• _Problem description_
In the records, find every line with the word "STAPS" and copy it out.
[[ Information open ]]
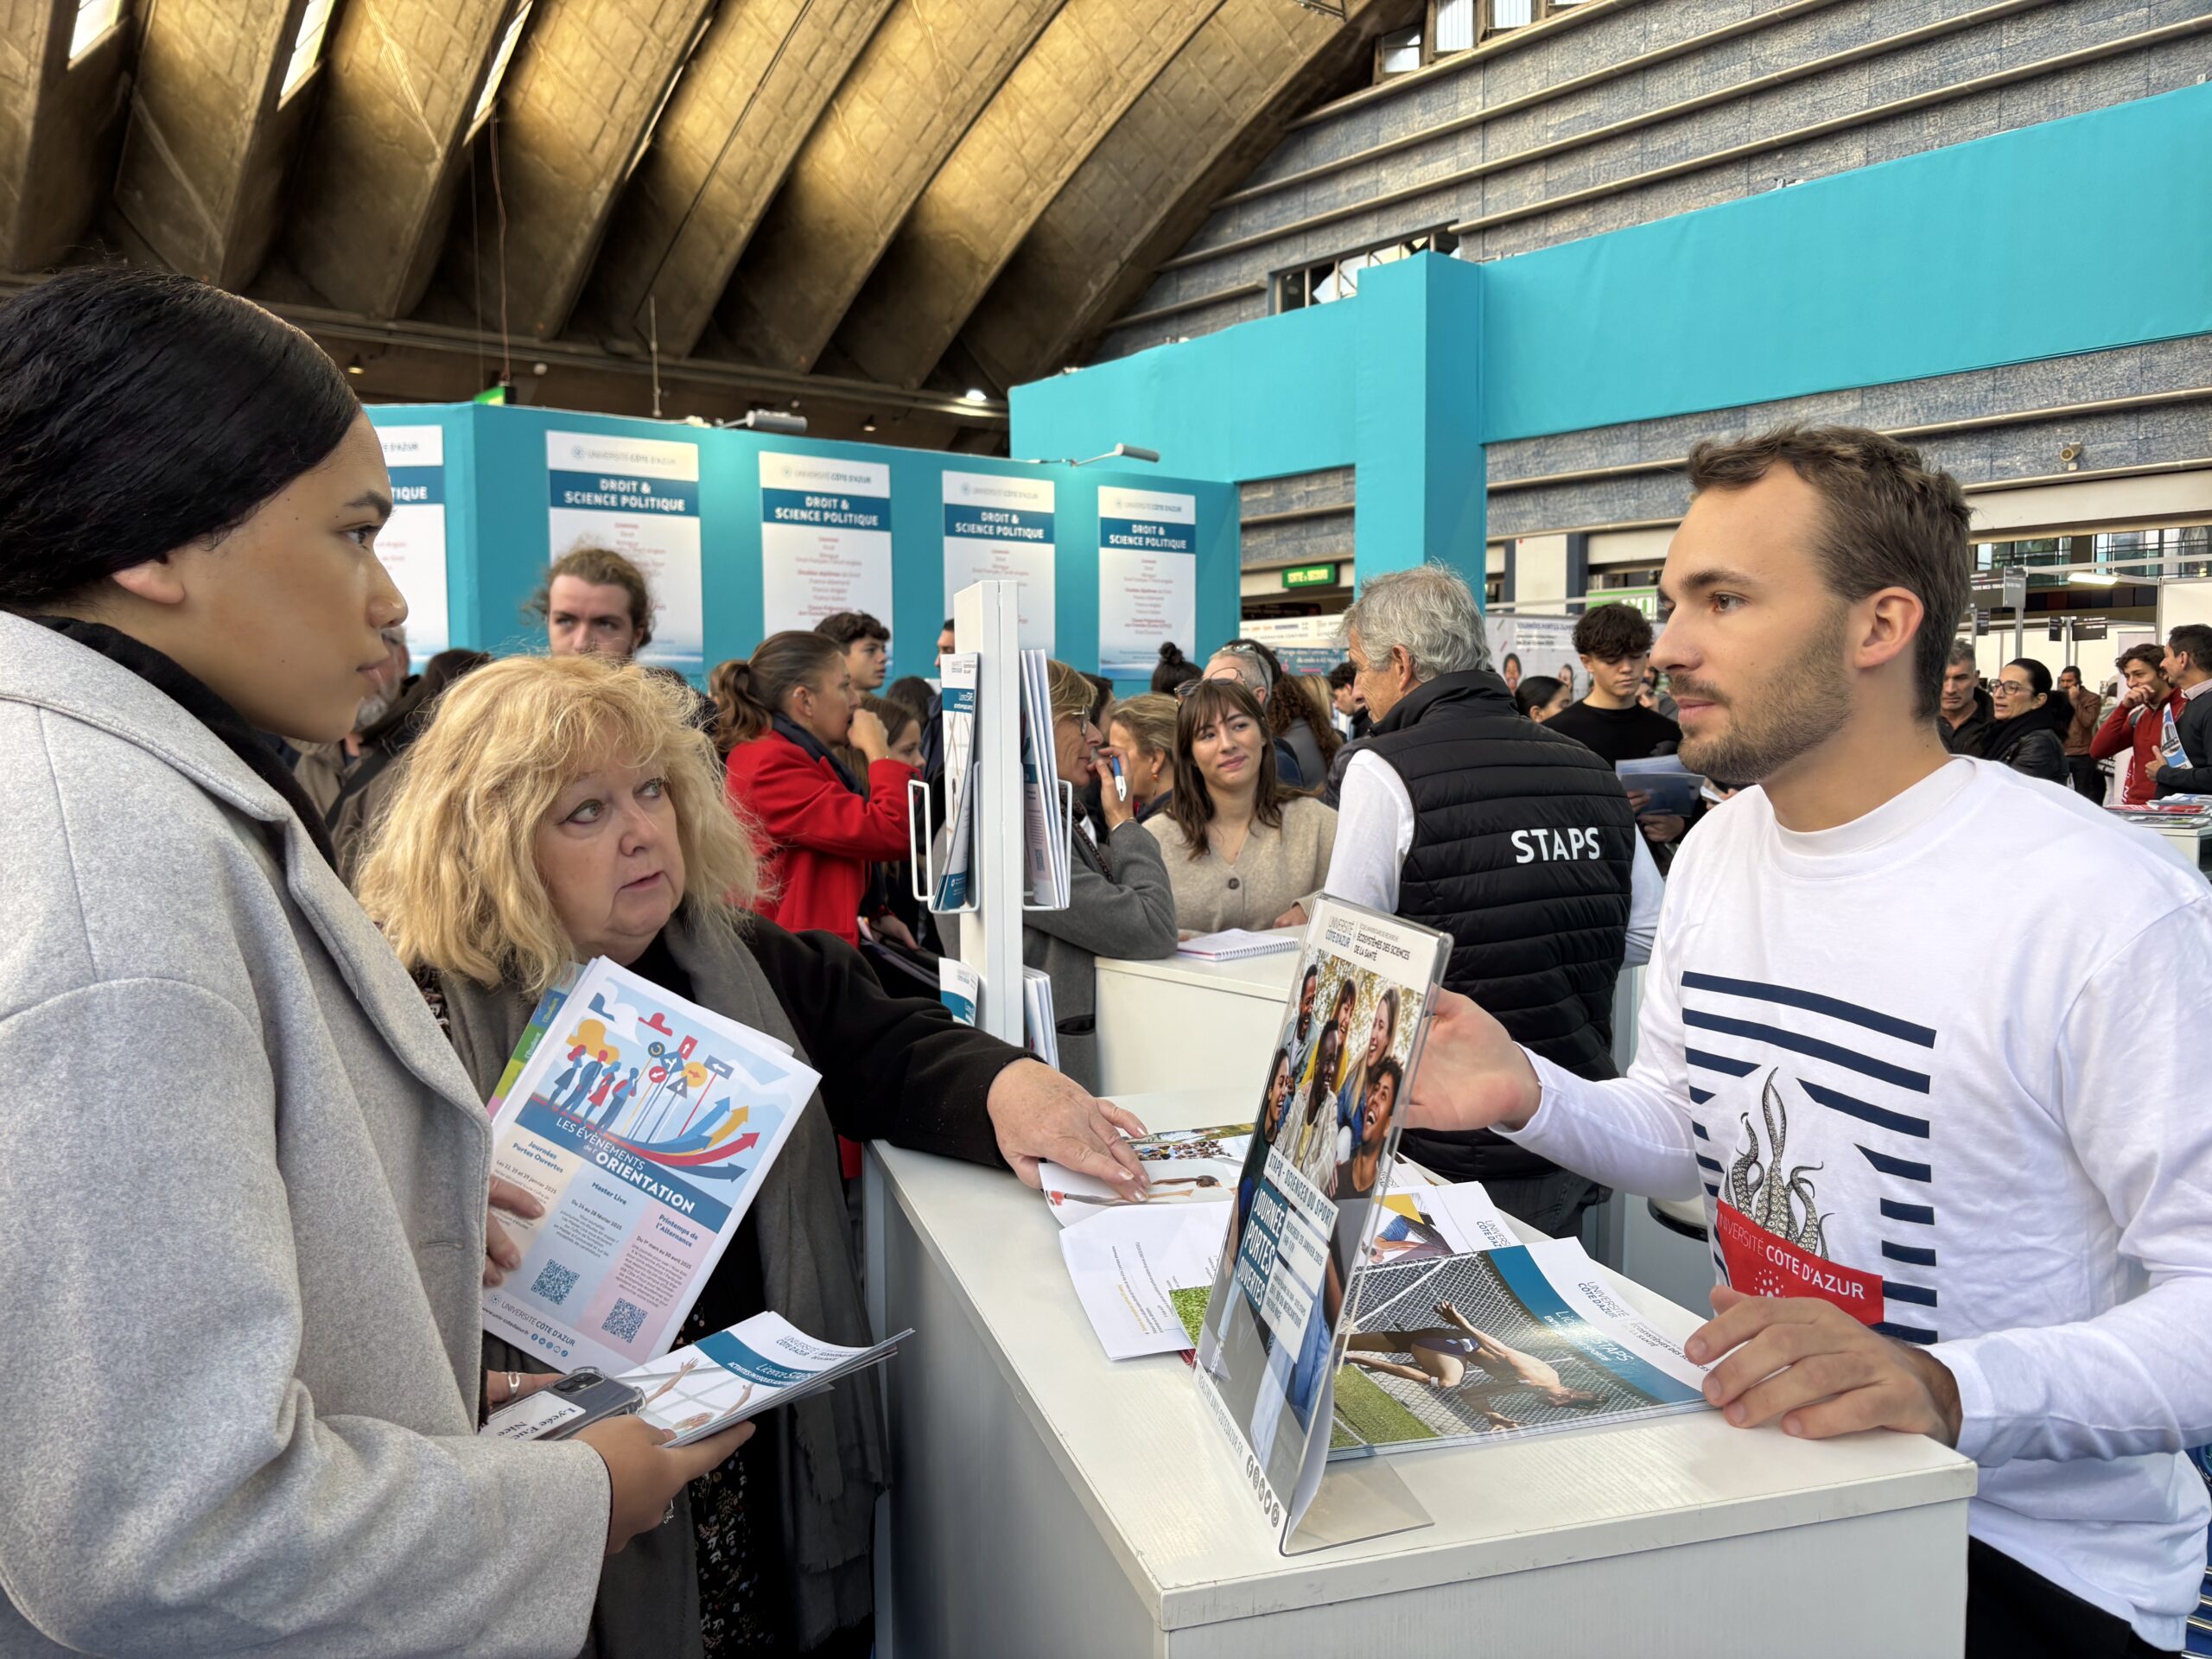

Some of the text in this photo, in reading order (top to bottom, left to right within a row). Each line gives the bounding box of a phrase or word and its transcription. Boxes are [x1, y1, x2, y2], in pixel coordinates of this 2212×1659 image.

[391, 486, 428, 501] TIQUE
[600, 478, 652, 494] DROIT &
[564, 490, 685, 512] SCIENCE POLITIQUE
[805, 496, 849, 511] DROIT &
[775, 507, 879, 526] SCIENCE POLITIQUE
[981, 512, 1020, 524] DROIT &
[955, 522, 1044, 539] SCIENCE POLITIQUE
[1132, 524, 1165, 536] DROIT &
[1109, 534, 1186, 550] SCIENCE POLITIQUE
[1510, 827, 1600, 863] STAPS
[1353, 944, 1361, 954] DE
[1363, 948, 1377, 962] SANTÉ
[1382, 942, 1391, 953] DES
[1389, 944, 1410, 961] SCIENCES
[528, 1141, 556, 1160] Journées
[556, 1117, 646, 1171] LES ÉVÈNEMENTS
[583, 1143, 593, 1153] de
[512, 1142, 563, 1173] Portes Ouvertes
[544, 1185, 556, 1194] 2025
[591, 1181, 627, 1205] Master Live
[1268, 1153, 1283, 1177] STAPS
[1284, 1169, 1309, 1203] SCIENCES
[1306, 1191, 1317, 1211] DU
[1314, 1199, 1334, 1228] SPORT
[1254, 1190, 1285, 1238] JOURNÉE
[610, 1221, 622, 1230] 2025
[655, 1223, 693, 1247] l'Alternance
[658, 1214, 699, 1240] Printemps de
[1244, 1219, 1275, 1275] PORTES
[1303, 1240, 1316, 1259] JANVIER
[1487, 1236, 1503, 1247] D'AZ
[647, 1243, 658, 1251] mars
[680, 1260, 691, 1269] 2025
[1718, 1212, 1865, 1300] NIVERSITÉ CÔTE D'AZUR
[1237, 1255, 1265, 1306] OUVERTES
[1578, 1282, 1598, 1300] CÔTE
[1592, 1298, 1619, 1319] D'AZUR
[1587, 1281, 1630, 1318] UNIVERSITÉ
[501, 1301, 575, 1346] UNIVERSITÉ CÔTE D'AZUR
[1668, 1346, 1682, 1358] DES
[755, 1363, 787, 1379] Licence
[538, 1407, 577, 1427] Lycée
[497, 1421, 528, 1437] Nice
[[ Information closed ]]
• _Solved problem_
[1510, 827, 1600, 863] STAPS
[1268, 1153, 1283, 1177] STAPS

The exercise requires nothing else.